Antibody-mediated molecular-targeted therapy for adult T-cell leukemia: recent progress and future challenges in the treatment of cancers

Abstract

The role of the secreted matricellular molecule osteopontin (OPN) and its receptor integrins in the pathogenesis of adult T-cell leukemia (ATL) and the possible applications of an anti-OPN monoclonal antibody (mAb) for ATL immunotherapy in NOD/Shi- scid , IL-2R g null (NOG) mice were investigated. Subcutaneous inoculation of ATL cell lines into NOG mice led to increased plasma levels of OPN, correlating well with metastasis of the inoculated cells and survival time. This result suggested that the xenograft NOG mouse model could be a useful system for in vivo assessment of the physiological role of OPN in ATL pathogenesis.
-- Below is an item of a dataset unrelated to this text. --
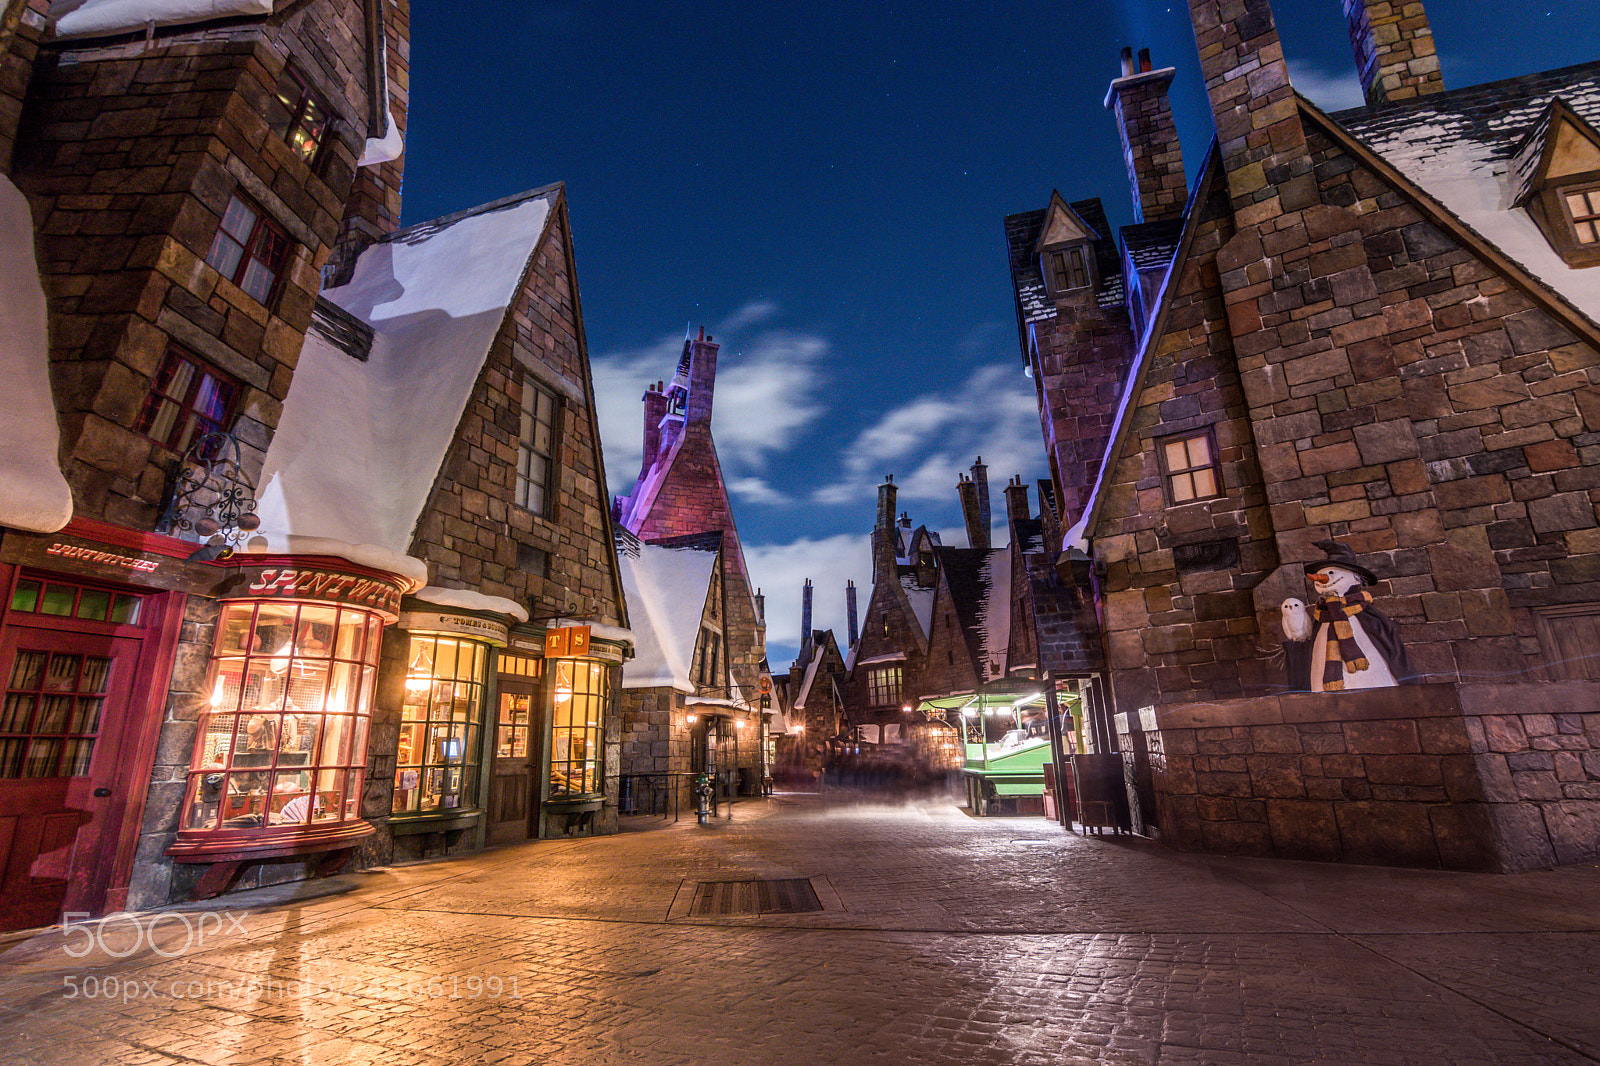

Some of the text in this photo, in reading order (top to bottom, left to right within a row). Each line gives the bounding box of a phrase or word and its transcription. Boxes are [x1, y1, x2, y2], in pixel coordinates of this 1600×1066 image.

Intraperitoneal administration of an anti-OPN mAb resulted in the inhibition of tumor growth, tumor invasion, and metastasis. In addition, the mAb treatment led to reduction in the number of fibroblasts expressing fibroblast activation protein. We have shown here a novel mAb-mediated therapeutic strategy targeting the interaction between OPN from stromal cells and integrins on the tumors of ATL patients. In this editorial research highlight, we also comment on the recent progress in the development of mAbs and their advanced counterparts, the antibody-drug conjugate, for the treatment of cancers.